We note that under CBIRC regulations the bank parents are required to provide capital and liquidity support for their financial lease subsidiaries when needed. Group support, including planned capital injections, ward off potential capital shortfalls in mild to medium stress scenarios for aircraft devaluation. There are also direct and indirect mechanisms of support for offshore subsidiaries of the leasing firms, such as asset purchase plans by the onshore entity and parent bank providing direct committed U.S.-dollar bank line to enhance subsidiary's foreign funding position. The lease subsidiary can fund up to 40% of total liabilities using borrowing from the parent, according to CBIRC's requirement.

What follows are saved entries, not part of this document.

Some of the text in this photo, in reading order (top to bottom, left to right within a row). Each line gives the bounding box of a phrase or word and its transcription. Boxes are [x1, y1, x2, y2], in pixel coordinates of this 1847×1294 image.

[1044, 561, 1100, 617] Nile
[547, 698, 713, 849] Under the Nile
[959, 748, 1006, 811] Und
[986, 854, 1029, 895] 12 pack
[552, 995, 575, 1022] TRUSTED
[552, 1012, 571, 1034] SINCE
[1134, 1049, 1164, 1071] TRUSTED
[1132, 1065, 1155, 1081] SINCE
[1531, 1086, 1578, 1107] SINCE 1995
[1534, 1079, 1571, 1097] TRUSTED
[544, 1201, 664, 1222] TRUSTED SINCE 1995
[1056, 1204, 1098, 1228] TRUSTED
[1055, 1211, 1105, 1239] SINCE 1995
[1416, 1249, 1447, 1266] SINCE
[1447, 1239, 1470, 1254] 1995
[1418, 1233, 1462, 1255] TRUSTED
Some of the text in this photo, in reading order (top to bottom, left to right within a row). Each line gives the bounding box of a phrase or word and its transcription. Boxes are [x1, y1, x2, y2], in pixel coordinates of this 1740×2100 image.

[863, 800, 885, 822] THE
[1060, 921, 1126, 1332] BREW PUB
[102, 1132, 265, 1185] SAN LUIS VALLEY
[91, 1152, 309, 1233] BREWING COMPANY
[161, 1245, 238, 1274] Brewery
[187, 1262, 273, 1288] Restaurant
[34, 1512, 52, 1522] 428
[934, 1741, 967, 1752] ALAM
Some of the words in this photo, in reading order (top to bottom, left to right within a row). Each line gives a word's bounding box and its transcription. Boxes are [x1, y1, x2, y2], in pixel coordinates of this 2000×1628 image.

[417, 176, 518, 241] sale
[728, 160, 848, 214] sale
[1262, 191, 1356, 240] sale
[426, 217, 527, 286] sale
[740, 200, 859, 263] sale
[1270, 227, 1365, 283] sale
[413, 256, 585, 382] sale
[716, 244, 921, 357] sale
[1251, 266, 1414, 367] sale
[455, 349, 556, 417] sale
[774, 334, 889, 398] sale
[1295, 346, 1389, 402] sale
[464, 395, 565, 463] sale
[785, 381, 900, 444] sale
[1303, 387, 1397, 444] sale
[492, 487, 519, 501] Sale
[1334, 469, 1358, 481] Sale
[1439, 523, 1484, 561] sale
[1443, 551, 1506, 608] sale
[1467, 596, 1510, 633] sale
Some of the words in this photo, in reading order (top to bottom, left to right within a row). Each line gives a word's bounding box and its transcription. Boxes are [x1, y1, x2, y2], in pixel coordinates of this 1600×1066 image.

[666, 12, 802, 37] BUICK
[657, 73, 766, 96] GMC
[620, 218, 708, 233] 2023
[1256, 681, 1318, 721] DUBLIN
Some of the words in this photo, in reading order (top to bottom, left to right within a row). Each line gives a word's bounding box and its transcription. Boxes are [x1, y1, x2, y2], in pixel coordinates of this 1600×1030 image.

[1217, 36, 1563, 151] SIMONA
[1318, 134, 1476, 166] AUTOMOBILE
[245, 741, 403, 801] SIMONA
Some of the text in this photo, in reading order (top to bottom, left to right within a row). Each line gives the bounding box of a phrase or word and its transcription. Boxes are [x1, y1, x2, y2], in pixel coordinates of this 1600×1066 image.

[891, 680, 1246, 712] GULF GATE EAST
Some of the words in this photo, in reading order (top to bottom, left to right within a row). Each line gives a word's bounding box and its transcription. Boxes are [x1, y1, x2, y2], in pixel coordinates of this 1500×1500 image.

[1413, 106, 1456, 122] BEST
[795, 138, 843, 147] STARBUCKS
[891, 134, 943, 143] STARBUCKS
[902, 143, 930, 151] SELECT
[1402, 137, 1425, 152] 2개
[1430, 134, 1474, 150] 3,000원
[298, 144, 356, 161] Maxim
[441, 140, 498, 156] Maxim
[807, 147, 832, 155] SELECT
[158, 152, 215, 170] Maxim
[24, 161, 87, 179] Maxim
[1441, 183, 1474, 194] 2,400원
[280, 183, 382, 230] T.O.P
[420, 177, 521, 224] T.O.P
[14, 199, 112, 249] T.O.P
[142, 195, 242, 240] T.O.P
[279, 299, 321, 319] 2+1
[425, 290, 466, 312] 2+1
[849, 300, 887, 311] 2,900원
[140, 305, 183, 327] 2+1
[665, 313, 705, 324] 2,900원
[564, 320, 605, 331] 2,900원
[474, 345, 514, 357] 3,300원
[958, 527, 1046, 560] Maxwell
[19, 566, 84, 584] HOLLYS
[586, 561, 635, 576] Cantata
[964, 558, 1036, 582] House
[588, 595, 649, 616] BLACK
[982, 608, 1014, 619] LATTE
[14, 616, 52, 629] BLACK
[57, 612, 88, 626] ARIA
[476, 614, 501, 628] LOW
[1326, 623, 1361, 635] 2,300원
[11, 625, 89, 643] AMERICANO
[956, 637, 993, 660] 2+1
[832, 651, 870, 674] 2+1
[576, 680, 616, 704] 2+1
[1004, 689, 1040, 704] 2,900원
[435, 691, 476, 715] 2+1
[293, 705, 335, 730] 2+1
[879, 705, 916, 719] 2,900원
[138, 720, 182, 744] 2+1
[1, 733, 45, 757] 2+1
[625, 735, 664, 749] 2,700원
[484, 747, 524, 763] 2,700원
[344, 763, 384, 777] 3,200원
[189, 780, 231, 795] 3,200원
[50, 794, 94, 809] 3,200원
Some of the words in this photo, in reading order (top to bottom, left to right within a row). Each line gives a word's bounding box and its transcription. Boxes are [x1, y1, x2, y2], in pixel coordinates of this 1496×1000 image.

At the same time, liquidity can also be aided by reduced capital spending due to aircraft deferrals, delays, and cancellations.
We expect Chinese bank groups to remain committed to their leasing arms and respective aircraft business lines and continue to formulate this support into our rating construction. However, in our view, poor operating performance and earnings contribution could weaken the groups' commitment to the subsidiaries. We would review our assessment of strength of the group support if the impact of the pandemic led to an unsustainable business model.
A Note On Our Coronavirus Assumptions
S&P Global Ratings acknowledges a high degree of uncertainty about the evolution of the coronavirus pandemic. The consensus among health experts is that the pandemic may now be at, or near, its peak in some regions but will remain a threat until a vaccine or effective treatment is widely available, which may not occur until the second half of 2021. We are using this assumption in assessing the economic and credit implications associated with the pandemic (see our research here: www.spglobal.com/ratings). As the situation evolves, we will update our assumptions and estimates accordingly.
Related Research
- Credit Conditions Asia-Pacific: COVID-19: Flatter Growth, Tougher Recovery, April 22, 2020
- Aircraft Lessors, Hit By Coronavirus Fallout, Should Fare Better Than Their Airline Customers, March 25, 2020
- China's New Financial Leasing Rules Strengthen The Overhaul, Jan. 9, 2020
- Financial Leasing Firms Are Next In Line As China Reform Gets Granular, Nov. 15, 2019
This report does not constitute a rating action.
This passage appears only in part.